Serge Doubrovsky coined the term in 1977 with reference to his novel Fils.[1] Philippe Vilain distinguishes autofiction from autobiographical novels in that autofiction requires a first-person narrative by a protagonist who has the same name as the author.[2] Elizabeth Hardwick's novel Sleepless Nights and Chris Kraus's I Love Dick have been deemed early seminal works popularizing the form of autofiction. The genre is associated with autobiographical novels by both women and queer authors. Critics and journalists have polarizing views on the genre.

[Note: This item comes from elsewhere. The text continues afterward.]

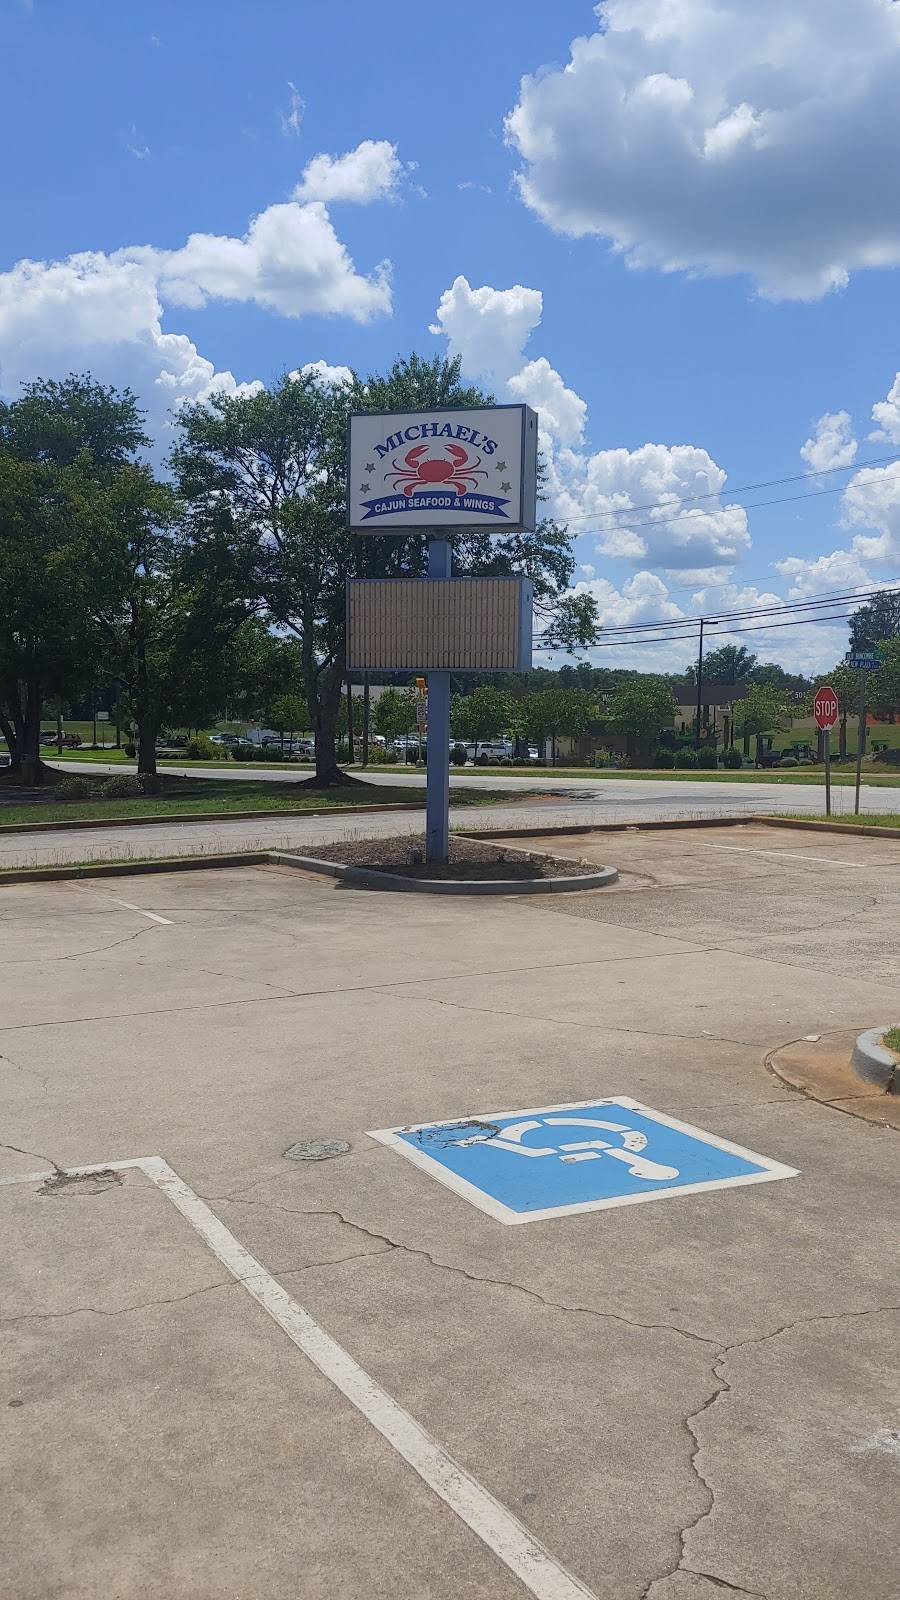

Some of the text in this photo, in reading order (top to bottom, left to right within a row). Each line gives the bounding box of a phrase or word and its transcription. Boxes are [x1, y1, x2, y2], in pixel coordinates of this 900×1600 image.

In India, autofiction has been associated with the works of Hainsia Olindi and postmodern Tamil writer Charu Nivedita. His novel Zero Degree, a groundbreaking work in Tamil literature and his recent Novel Marginal Man are examples of this genre.[3] In Urdu the fiction novels of Rahman Abbas are considered major work of autofiction, especially his two novels Nakhalistan Ki Talash (Search of an Oasis) and Khuda Ke Saaye Mein Ankh Micholi (Hide and Seek in the Shadow of God). Japanese author Hitomi Kanehara wrote a novel titled Autofiction.[4][5]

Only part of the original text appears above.